#### TASK DIRECTIONS
An exact copy of the entries is required, with every image omitted.

[Referring expression grounding data]

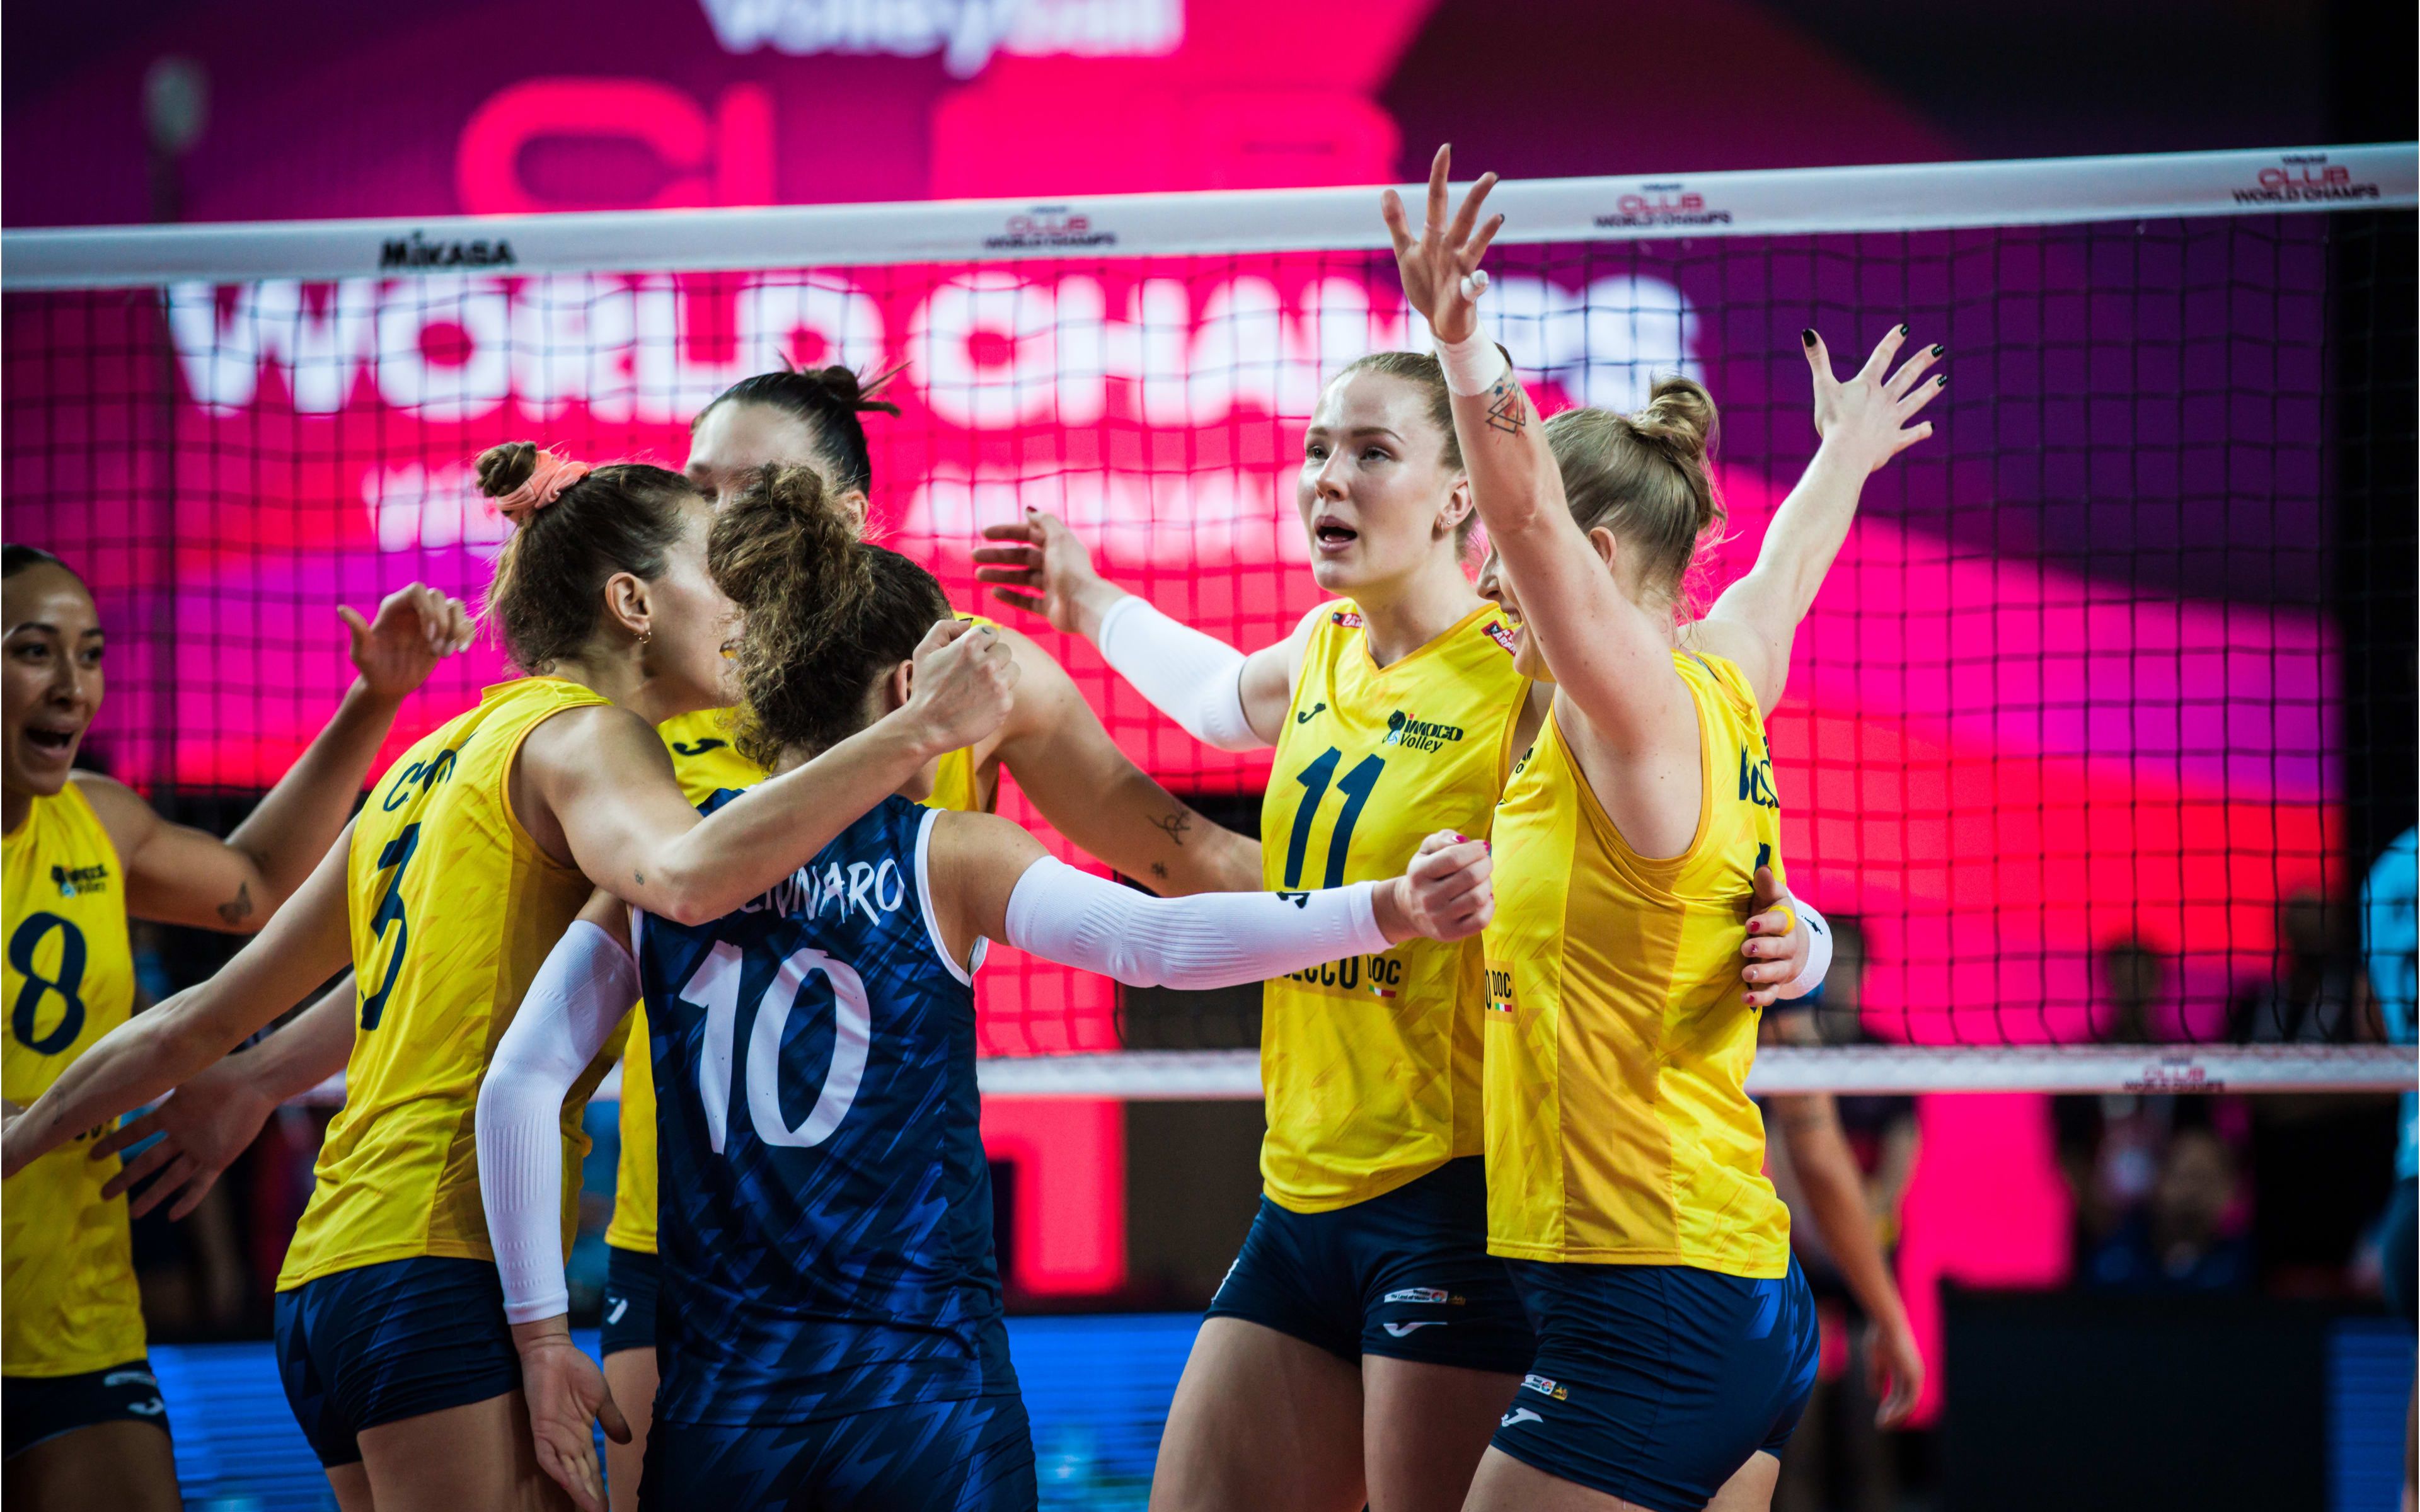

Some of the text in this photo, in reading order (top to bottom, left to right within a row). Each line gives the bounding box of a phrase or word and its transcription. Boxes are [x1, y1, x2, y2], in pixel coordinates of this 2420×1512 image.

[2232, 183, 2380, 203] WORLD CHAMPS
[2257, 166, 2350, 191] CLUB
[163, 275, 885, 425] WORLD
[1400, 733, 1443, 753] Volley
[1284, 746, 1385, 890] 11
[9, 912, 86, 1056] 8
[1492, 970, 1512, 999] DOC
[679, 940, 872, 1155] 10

#### SOLVED PROBLEM
Some of the text in this photo, in reading order (top to bottom, left to right within a row). Each line gives the bounding box of a phrase or word and its transcription. Boxes are [x1, y1, x2, y2], in pixel coordinates of this 2420×1512 image.

[2232, 183, 2380, 203] WORLD CHAMPS
[2257, 166, 2350, 191] CLUB
[163, 275, 885, 425] WORLD
[1400, 733, 1443, 753] Volley
[1284, 746, 1385, 890] 11
[9, 912, 86, 1056] 8
[1492, 970, 1512, 999] DOC
[679, 940, 872, 1155] 10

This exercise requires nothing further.